Friday, April 13, 2012

Ninotchka (1939)

Ninotchka was Greta Garbo’s second-last film, and her first real comedy. It was a hit and could have launched her into a new phase of her career but sadly that was not to be. Her final film, the very underrated Two-Faced Woman, unfortunately failed to repeat the commercial success of Ninotchka and she decided to call it a day. She presumably felt it was better to remain a legend than to risk seeing a career slowly peter out, and perhaps she was right.

I saw Ninotchka many years ago but when I was young I was as serious and humourless as Ninotchka herself is in the early part of the film so I wasn’t able to appreciate it. I’ve put off seeing it again because of Billy Wilder’s involvement in it as co-writer - I don’t care for Wilder’s brand of comedy in general. But since it was directed by Ernst Lubitsch, whom I admire, and starred Garbo, whom I adore, I felt it was time to take another look at this one.

Ninotchka (1939)

The Soviet government needs money badly so they decide to sell some of the jewels that they had stolen from aristocrats after the Revolution. In this case the jewels had belonged to a certain grand duchess (played by Ina Claire) who happens to be very much alive and living in Paris. When three Soviet apparatchiks arrive in Paris to sell her jewels she gets wind of it and launches a court case to block the sale, arguing (correctly of course) that the jewels are stolen. Her boyfriend, a shiftless and penniless but charming French count named Leon (Melvyn Douglas), offers a deal to the three hapless Soviets. Negotiations drag on and a special envoy is dispatched from Moscow to expedite matters. The envoy is Ninotchka (Greta Garbo).

Ninotchka takes life very seriously indeed. She is a dedicated communist with no time for frivolities but Leon figures that although she might be a Bolshevik she’s still a woman and his charm has never failed him yet.

Ninotchka (1939)

Both Leon and Ninotchka find themselves in unfamiliar territory. Leon finds that what started out as his usual style of self-serving flirtation is starting to turn into love. And Ninotchka discovers there’s more to life than Five Year Plans and compiling statistics on tractor production. She discovers champagne, and evening dresses, and dancing, and having fun. And she discovers that she is not immune to decadent western weaknesses like falling madly in love with feckless but handsome and charming Frenchmen.

Her three Soviet comrades have discovered the joys of Paris as well. They’ve installed themselves in the Royal Suite in a fashionable hotel and are enjoying the capitalist high life. Instead of negotiating for the sale of the jewels they’re getting drunk and chasing pretty Parisian girls.

Ninotchka (1939)

The grand duchess not only wants her jewels back, she also wants her French toyboy back. She wants to see Ninotchka back in Moscow, as soon as possible. Especially since Leon seems intent on marrying his beautiful Bolshevik sweetheart.
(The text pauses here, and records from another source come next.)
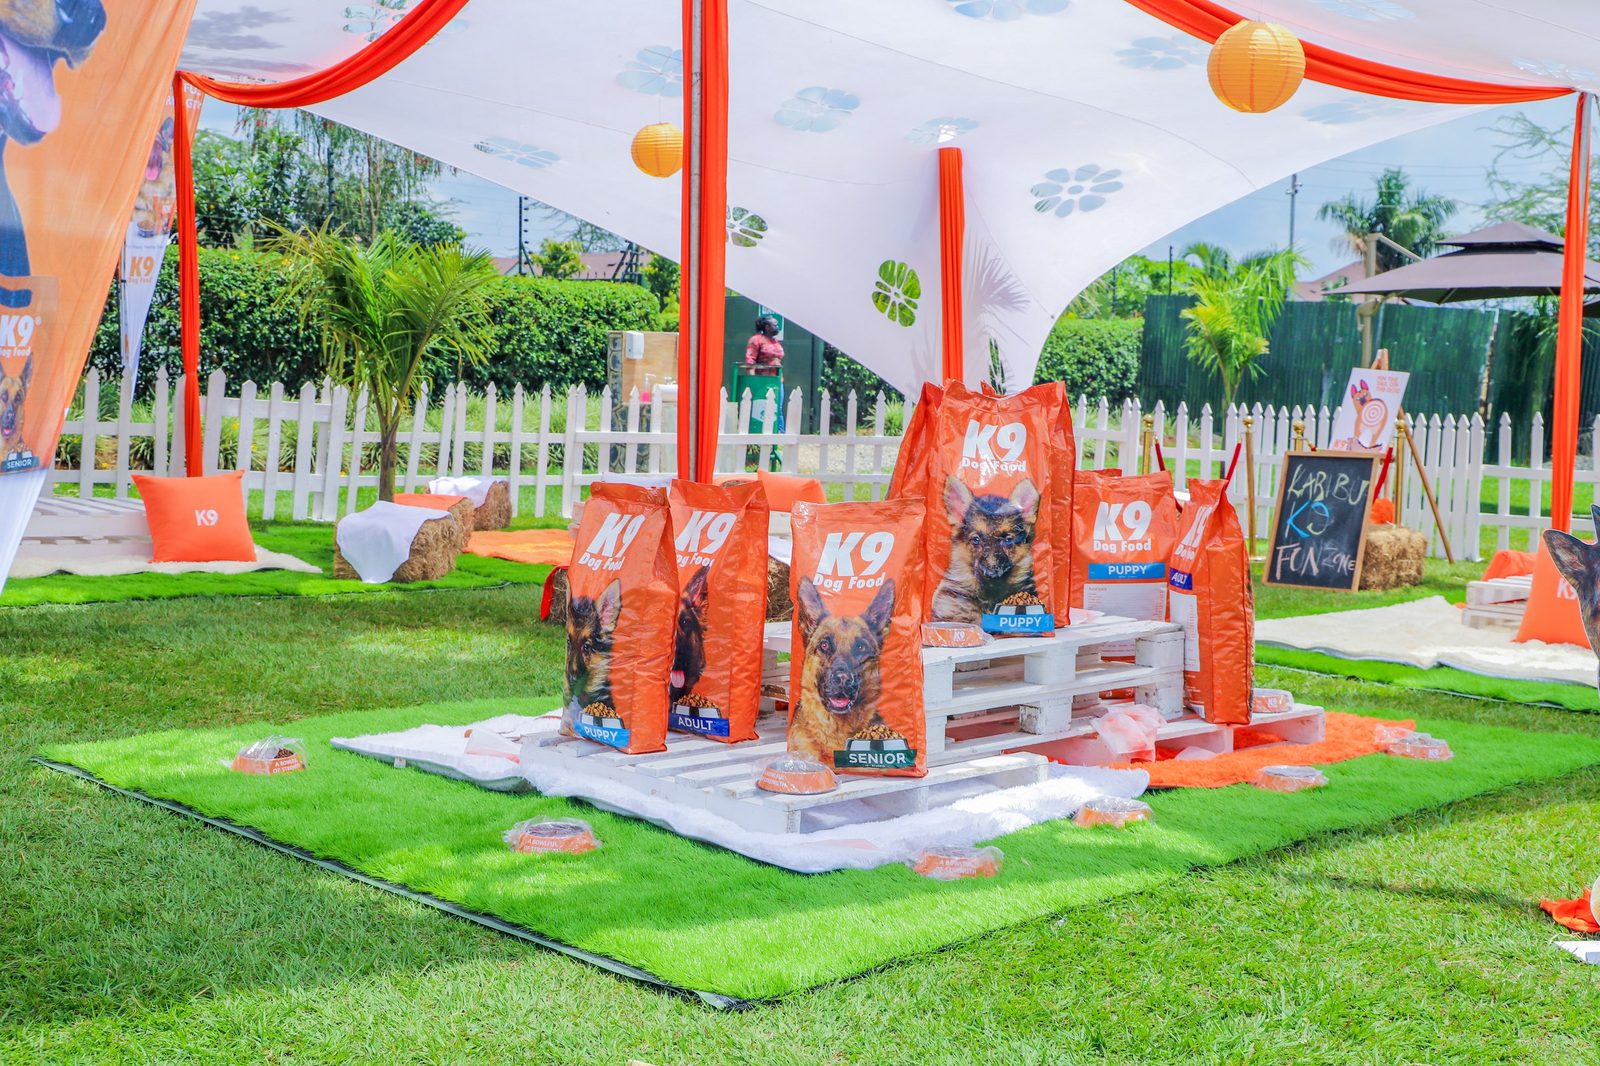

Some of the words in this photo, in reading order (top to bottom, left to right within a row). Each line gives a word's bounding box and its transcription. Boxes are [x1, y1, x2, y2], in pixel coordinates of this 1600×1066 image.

[129, 256, 154, 277] K9
[0, 314, 34, 347] K9
[961, 419, 1027, 462] K9
[7, 458, 32, 469] SENIOR
[1287, 463, 1369, 506] KARIBU
[195, 509, 219, 526] K9
[1093, 500, 1152, 541] K9
[1285, 499, 1330, 539] K9
[586, 512, 646, 558] K9
[675, 511, 737, 554] K9
[816, 531, 895, 577] K9
[1093, 540, 1117, 553] Dog
[1121, 538, 1152, 552] Food
[578, 552, 602, 571] Dog
[1108, 565, 1147, 575] PUPPY
[1276, 542, 1320, 580] FUN
[812, 572, 843, 592] Dog
[848, 572, 886, 588] Food
[1000, 616, 1042, 628] PUPPY
[679, 716, 713, 730] ADULT
[584, 726, 618, 742] PUPPY
[848, 752, 907, 765] SENIOR
The humour is perhaps not as subtle as you might expect from Lubitsch, but this is a very funny film. Much of the humour comes from the antics of the three hapless but good-natured comrades who are finding that capitalism is much more fun than communism, and that being able to say what you like without the fear of being shipped off to a labour camp in Siberia is rather appealling as well.

Ninotchka (1939)

Melvyn Douglas is very good but the success of the movie depends on Garbo and she proves to be a gifted comedienne (as she demonstrated again in Two-Faced Woman). It’s a slyly self-mocking performance and it’s a delight. I’d venture to say that this movie is much funnier if you’re familiar with her earlier movies and with her established image as the perennially tragic doomed woman who sacrifices everything for love. Garbo was cast very much against type in this movie and she has a great time making fun of her very serious image.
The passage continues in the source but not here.